_Instructions for the task_. Please retype the entries exactly as they stand, leaving out any pictures.

_Excerpted records_.
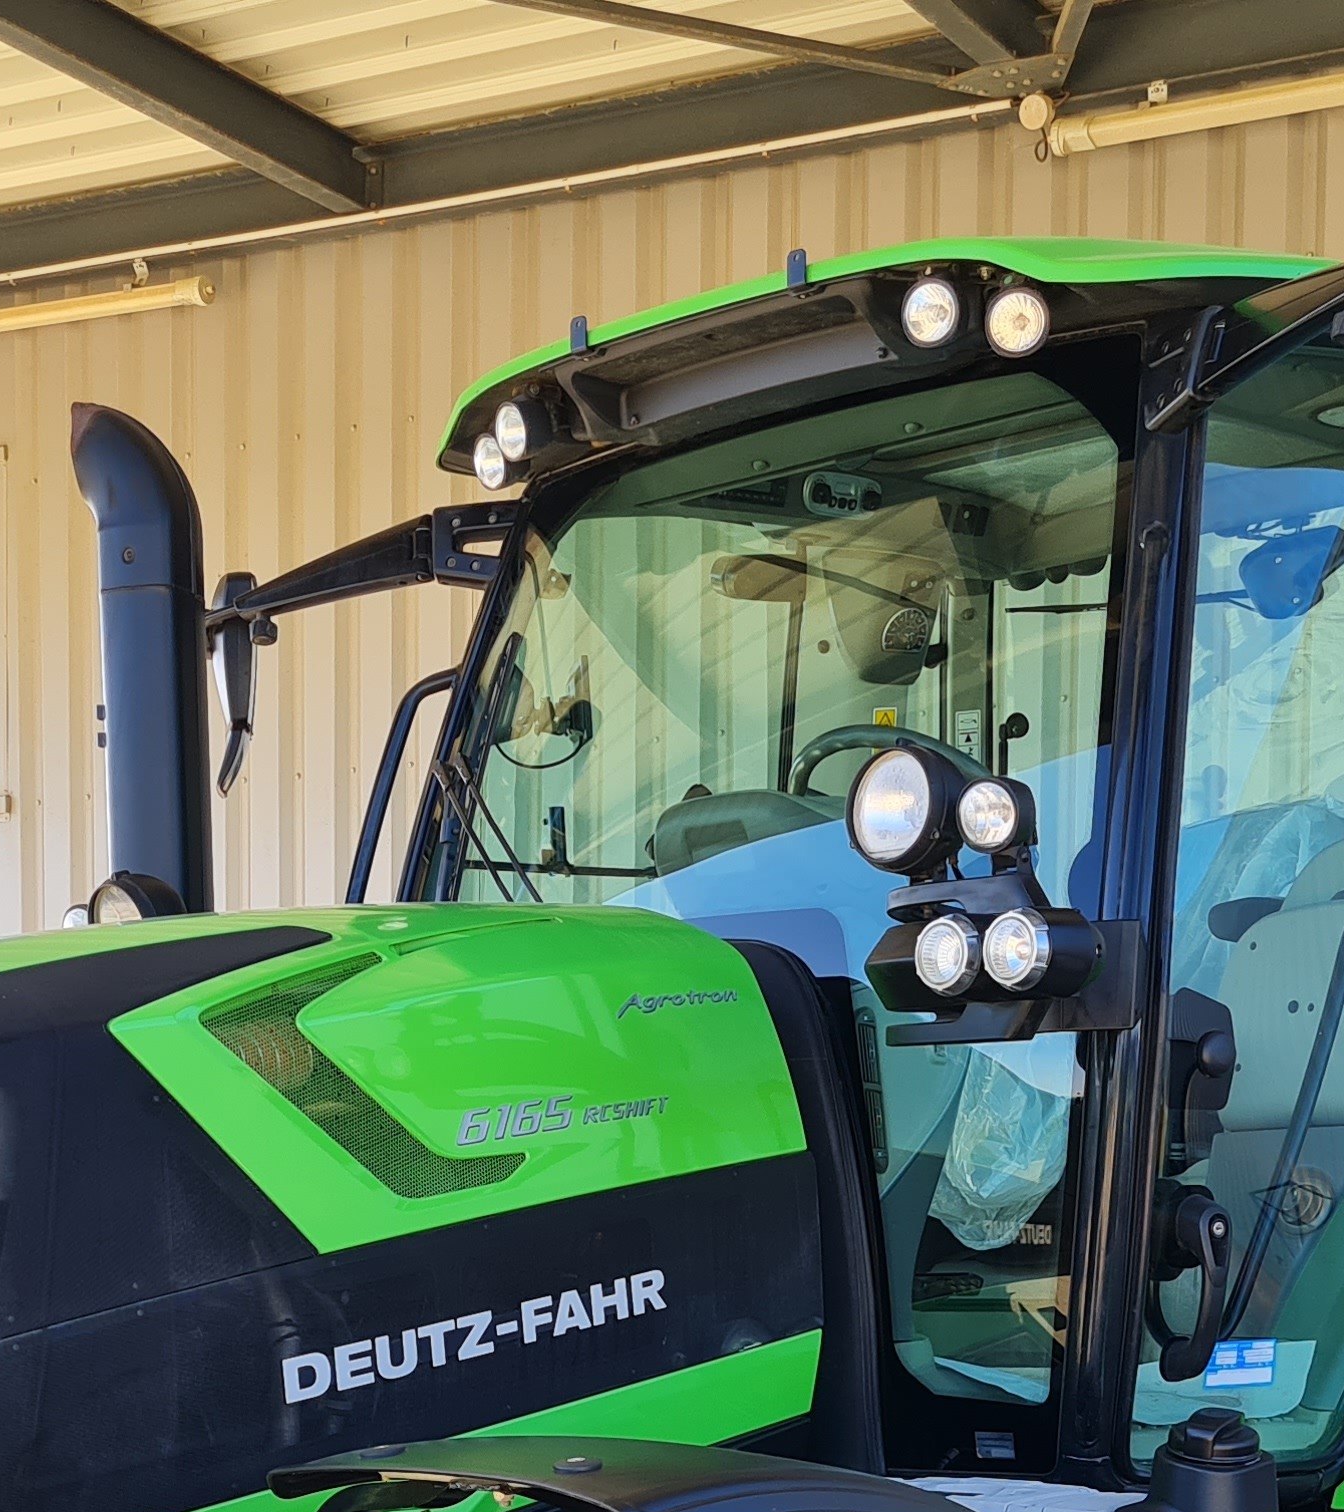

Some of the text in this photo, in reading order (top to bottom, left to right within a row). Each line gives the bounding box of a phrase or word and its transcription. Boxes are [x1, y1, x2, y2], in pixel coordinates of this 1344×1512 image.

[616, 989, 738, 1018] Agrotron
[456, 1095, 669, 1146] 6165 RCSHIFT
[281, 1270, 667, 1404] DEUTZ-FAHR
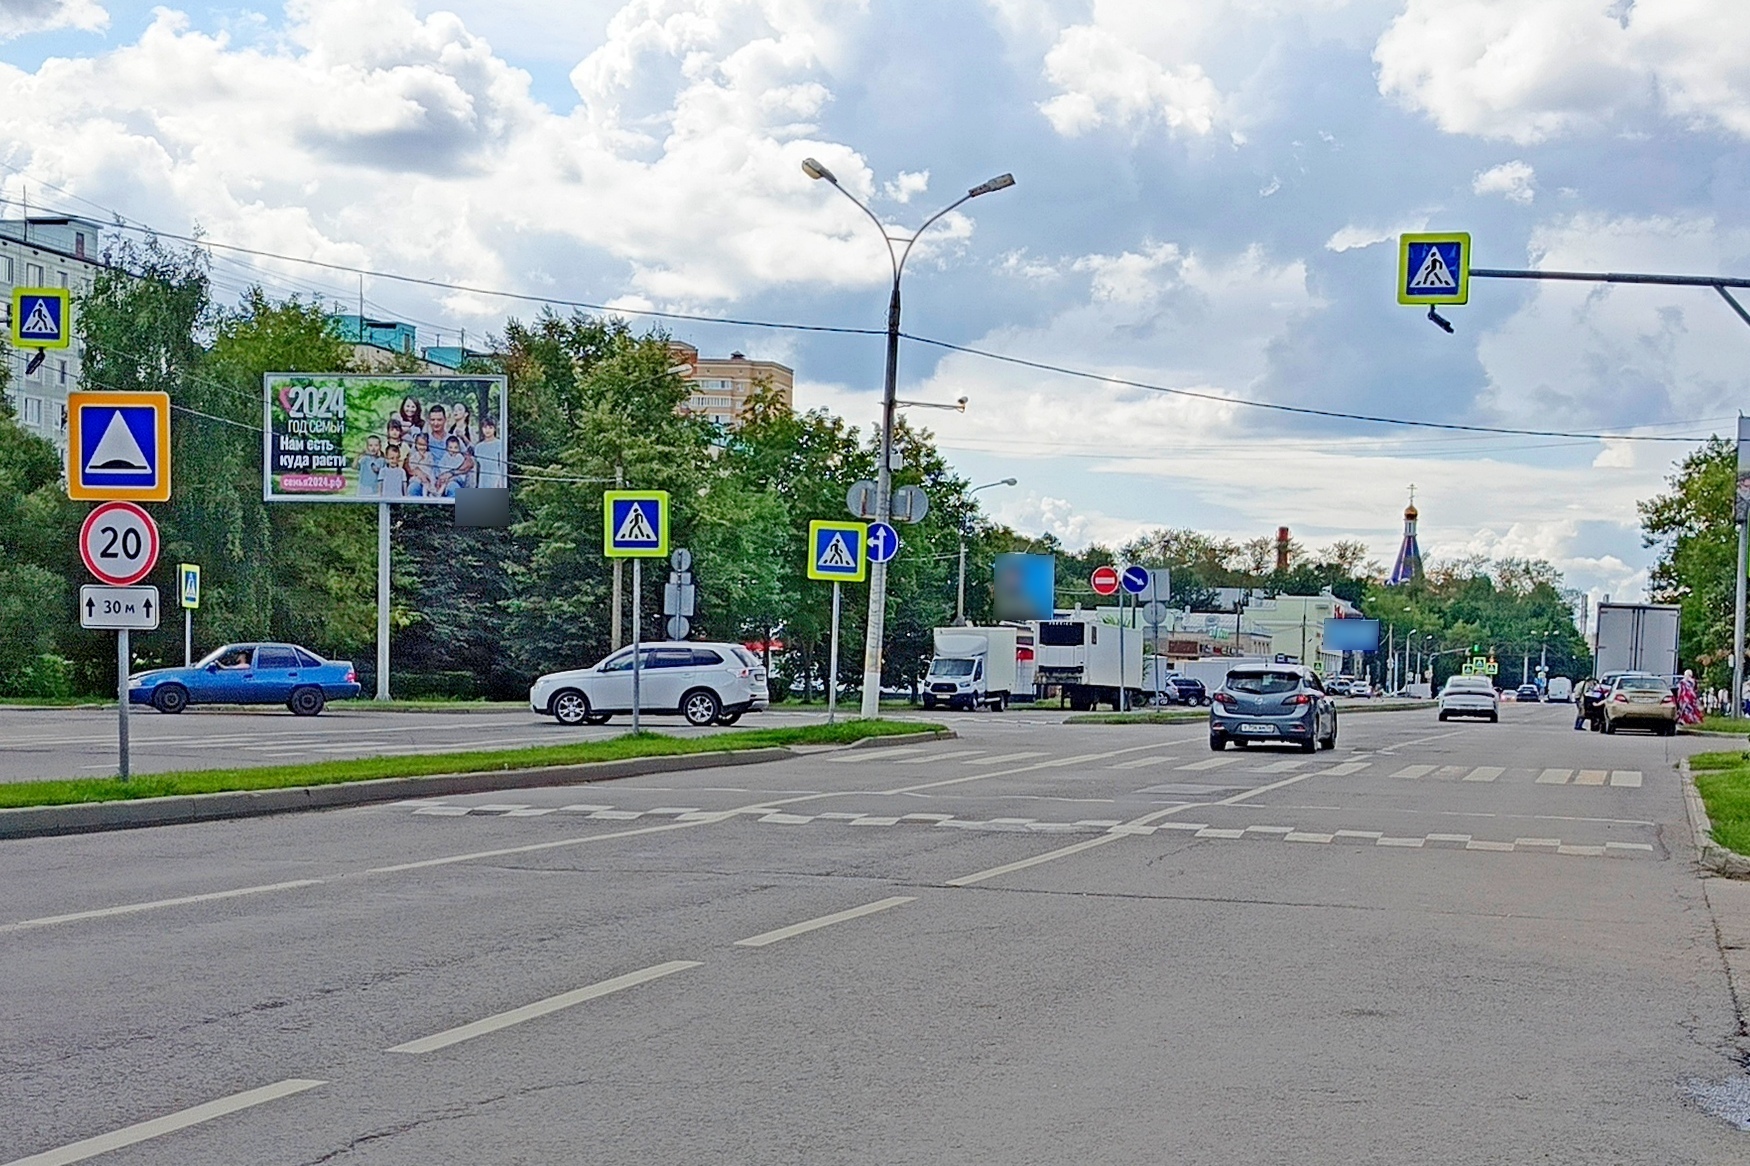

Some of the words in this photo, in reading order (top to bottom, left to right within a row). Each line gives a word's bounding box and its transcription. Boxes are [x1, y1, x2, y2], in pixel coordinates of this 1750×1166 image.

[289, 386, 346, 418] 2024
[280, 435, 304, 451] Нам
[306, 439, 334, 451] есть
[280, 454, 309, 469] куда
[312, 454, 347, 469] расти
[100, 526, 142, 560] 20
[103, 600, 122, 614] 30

_Answer section_.
Some of the text in this photo, in reading order (top to bottom, left to right within a row). Each line gives the bounding box of a phrase or word and its transcription. Boxes are [x1, y1, x2, y2], in pixel coordinates of this 1344×1512 image.

[616, 989, 738, 1018] Agrotron
[456, 1095, 669, 1146] 6165 RCSHIFT
[281, 1270, 667, 1404] DEUTZ-FAHR

Some of the words in this photo, in reading order (top to bottom, left to right within a row). Each line gives a word's bounding box and its transcription. Boxes are [x1, y1, x2, y2], in pixel coordinates of this 1750×1166 image.

[289, 386, 346, 418] 2024
[280, 435, 304, 451] Нам
[306, 439, 334, 451] есть
[280, 454, 309, 469] куда
[312, 454, 347, 469] расти
[100, 526, 142, 560] 20
[103, 600, 122, 614] 30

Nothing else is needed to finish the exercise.